*** Supplied records ***

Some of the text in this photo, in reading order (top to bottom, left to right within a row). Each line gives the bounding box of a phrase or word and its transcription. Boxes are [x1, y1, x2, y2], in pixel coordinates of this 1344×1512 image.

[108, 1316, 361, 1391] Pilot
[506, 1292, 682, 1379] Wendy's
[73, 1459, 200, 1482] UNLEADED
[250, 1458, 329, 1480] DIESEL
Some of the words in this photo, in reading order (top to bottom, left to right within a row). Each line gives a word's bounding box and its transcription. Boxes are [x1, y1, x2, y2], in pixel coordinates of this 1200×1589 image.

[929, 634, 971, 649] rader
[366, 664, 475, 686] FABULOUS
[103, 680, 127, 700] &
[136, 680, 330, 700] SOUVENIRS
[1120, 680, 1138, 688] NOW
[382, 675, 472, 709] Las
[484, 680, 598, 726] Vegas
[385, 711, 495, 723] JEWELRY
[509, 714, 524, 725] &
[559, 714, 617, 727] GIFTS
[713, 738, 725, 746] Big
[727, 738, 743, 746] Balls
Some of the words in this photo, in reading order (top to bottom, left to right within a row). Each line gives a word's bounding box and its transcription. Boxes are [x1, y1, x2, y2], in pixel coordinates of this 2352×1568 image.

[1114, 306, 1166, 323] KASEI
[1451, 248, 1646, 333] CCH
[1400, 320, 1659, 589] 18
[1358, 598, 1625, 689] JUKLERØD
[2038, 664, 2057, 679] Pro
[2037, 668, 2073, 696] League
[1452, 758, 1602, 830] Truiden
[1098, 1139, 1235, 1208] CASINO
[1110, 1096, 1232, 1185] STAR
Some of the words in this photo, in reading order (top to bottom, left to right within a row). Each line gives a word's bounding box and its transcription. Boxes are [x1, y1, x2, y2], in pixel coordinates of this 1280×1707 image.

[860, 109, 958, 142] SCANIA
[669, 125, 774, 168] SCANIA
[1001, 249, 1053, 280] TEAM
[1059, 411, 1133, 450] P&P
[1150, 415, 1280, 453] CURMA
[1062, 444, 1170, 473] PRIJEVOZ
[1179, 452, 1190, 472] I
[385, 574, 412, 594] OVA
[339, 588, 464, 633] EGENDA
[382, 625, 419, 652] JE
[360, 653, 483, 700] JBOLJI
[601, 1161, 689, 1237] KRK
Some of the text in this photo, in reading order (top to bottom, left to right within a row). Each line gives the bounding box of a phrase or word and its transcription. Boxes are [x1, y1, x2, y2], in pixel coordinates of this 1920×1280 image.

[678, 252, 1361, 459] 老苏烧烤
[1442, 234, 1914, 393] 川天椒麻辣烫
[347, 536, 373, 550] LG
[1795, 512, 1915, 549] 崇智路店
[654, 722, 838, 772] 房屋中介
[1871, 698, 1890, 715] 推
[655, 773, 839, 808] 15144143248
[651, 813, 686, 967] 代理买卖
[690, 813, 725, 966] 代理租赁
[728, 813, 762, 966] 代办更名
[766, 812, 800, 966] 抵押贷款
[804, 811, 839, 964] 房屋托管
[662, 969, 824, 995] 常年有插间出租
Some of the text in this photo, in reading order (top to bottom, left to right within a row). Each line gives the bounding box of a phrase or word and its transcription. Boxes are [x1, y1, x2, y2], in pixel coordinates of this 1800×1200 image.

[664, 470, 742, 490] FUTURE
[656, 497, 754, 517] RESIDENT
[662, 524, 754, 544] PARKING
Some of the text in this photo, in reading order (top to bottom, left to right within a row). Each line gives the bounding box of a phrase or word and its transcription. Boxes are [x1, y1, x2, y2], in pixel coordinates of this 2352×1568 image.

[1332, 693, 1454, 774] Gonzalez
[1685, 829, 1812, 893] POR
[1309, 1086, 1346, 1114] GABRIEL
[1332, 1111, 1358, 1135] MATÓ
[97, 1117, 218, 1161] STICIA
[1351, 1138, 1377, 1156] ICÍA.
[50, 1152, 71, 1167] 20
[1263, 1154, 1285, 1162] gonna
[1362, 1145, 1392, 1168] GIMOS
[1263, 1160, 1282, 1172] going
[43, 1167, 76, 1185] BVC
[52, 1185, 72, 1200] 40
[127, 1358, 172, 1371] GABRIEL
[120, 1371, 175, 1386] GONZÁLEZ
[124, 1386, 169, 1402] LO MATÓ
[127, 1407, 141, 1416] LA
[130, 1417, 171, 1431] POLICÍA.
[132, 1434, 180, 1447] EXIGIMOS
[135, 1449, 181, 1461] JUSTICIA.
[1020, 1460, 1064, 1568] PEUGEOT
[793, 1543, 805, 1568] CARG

***

_Directions for this task_
The whole listing above, restated word for word, is the required answer.

_Task output_
Some of the text in this photo, in reading order (top to bottom, left to right within a row). Each line gives the bounding box of a phrase or word and its transcription. Boxes are [x1, y1, x2, y2], in pixel coordinates of this 1344×1512 image.

[108, 1316, 361, 1391] Pilot
[506, 1292, 682, 1379] Wendy's
[73, 1459, 200, 1482] UNLEADED
[250, 1458, 329, 1480] DIESEL
Some of the words in this photo, in reading order (top to bottom, left to right within a row). Each line gives a word's bounding box and its transcription. Boxes are [x1, y1, x2, y2], in pixel coordinates of this 1200×1589 image.

[929, 634, 971, 649] rader
[366, 664, 475, 686] FABULOUS
[103, 680, 127, 700] &
[136, 680, 330, 700] SOUVENIRS
[1120, 680, 1138, 688] NOW
[382, 675, 472, 709] Las
[484, 680, 598, 726] Vegas
[385, 711, 495, 723] JEWELRY
[509, 714, 524, 725] &
[559, 714, 617, 727] GIFTS
[713, 738, 725, 746] Big
[727, 738, 743, 746] Balls
Some of the words in this photo, in reading order (top to bottom, left to right within a row). Each line gives a word's bounding box and its transcription. Boxes are [x1, y1, x2, y2], in pixel coordinates of this 2352×1568 image.

[1114, 306, 1166, 323] KASEI
[1451, 248, 1646, 333] CCH
[1400, 320, 1659, 589] 18
[1358, 598, 1625, 689] JUKLERØD
[2038, 664, 2057, 679] Pro
[2037, 668, 2073, 696] League
[1452, 758, 1602, 830] Truiden
[1098, 1139, 1235, 1208] CASINO
[1110, 1096, 1232, 1185] STAR
Some of the words in this photo, in reading order (top to bottom, left to right within a row). Each line gives a word's bounding box and its transcription. Boxes are [x1, y1, x2, y2], in pixel coordinates of this 1280×1707 image.

[860, 109, 958, 142] SCANIA
[669, 125, 774, 168] SCANIA
[1001, 249, 1053, 280] TEAM
[1059, 411, 1133, 450] P&P
[1150, 415, 1280, 453] CURMA
[1062, 444, 1170, 473] PRIJEVOZ
[1179, 452, 1190, 472] I
[385, 574, 412, 594] OVA
[339, 588, 464, 633] EGENDA
[382, 625, 419, 652] JE
[360, 653, 483, 700] JBOLJI
[601, 1161, 689, 1237] KRK
Some of the text in this photo, in reading order (top to bottom, left to right within a row). Each line gives the bounding box of a phrase or word and its transcription. Boxes are [x1, y1, x2, y2], in pixel coordinates of this 1920×1280 image.

[678, 252, 1361, 459] 老苏烧烤
[1442, 234, 1914, 393] 川天椒麻辣烫
[347, 536, 373, 550] LG
[1795, 512, 1915, 549] 崇智路店
[654, 722, 838, 772] 房屋中介
[1871, 698, 1890, 715] 推
[655, 773, 839, 808] 15144143248
[651, 813, 686, 967] 代理买卖
[690, 813, 725, 966] 代理租赁
[728, 813, 762, 966] 代办更名
[766, 812, 800, 966] 抵押贷款
[804, 811, 839, 964] 房屋托管
[662, 969, 824, 995] 常年有插间出租
Some of the text in this photo, in reading order (top to bottom, left to right within a row). Each line gives the bounding box of a phrase or word and its transcription. Boxes are [x1, y1, x2, y2], in pixel coordinates of this 1800×1200 image.

[664, 470, 742, 490] FUTURE
[656, 497, 754, 517] RESIDENT
[662, 524, 754, 544] PARKING
Some of the text in this photo, in reading order (top to bottom, left to right within a row). Each line gives the bounding box of a phrase or word and its transcription. Boxes are [x1, y1, x2, y2], in pixel coordinates of this 2352×1568 image.

[1332, 693, 1454, 774] Gonzalez
[1685, 829, 1812, 893] POR
[1309, 1086, 1346, 1114] GABRIEL
[1332, 1111, 1358, 1135] MATÓ
[97, 1117, 218, 1161] STICIA
[1351, 1138, 1377, 1156] ICÍA.
[50, 1152, 71, 1167] 20
[1263, 1154, 1285, 1162] gonna
[1362, 1145, 1392, 1168] GIMOS
[1263, 1160, 1282, 1172] going
[43, 1167, 76, 1185] BVC
[52, 1185, 72, 1200] 40
[127, 1358, 172, 1371] GABRIEL
[120, 1371, 175, 1386] GONZÁLEZ
[124, 1386, 169, 1402] LO MATÓ
[127, 1407, 141, 1416] LA
[130, 1417, 171, 1431] POLICÍA.
[132, 1434, 180, 1447] EXIGIMOS
[135, 1449, 181, 1461] JUSTICIA.
[1020, 1460, 1064, 1568] PEUGEOT
[793, 1543, 805, 1568] CARG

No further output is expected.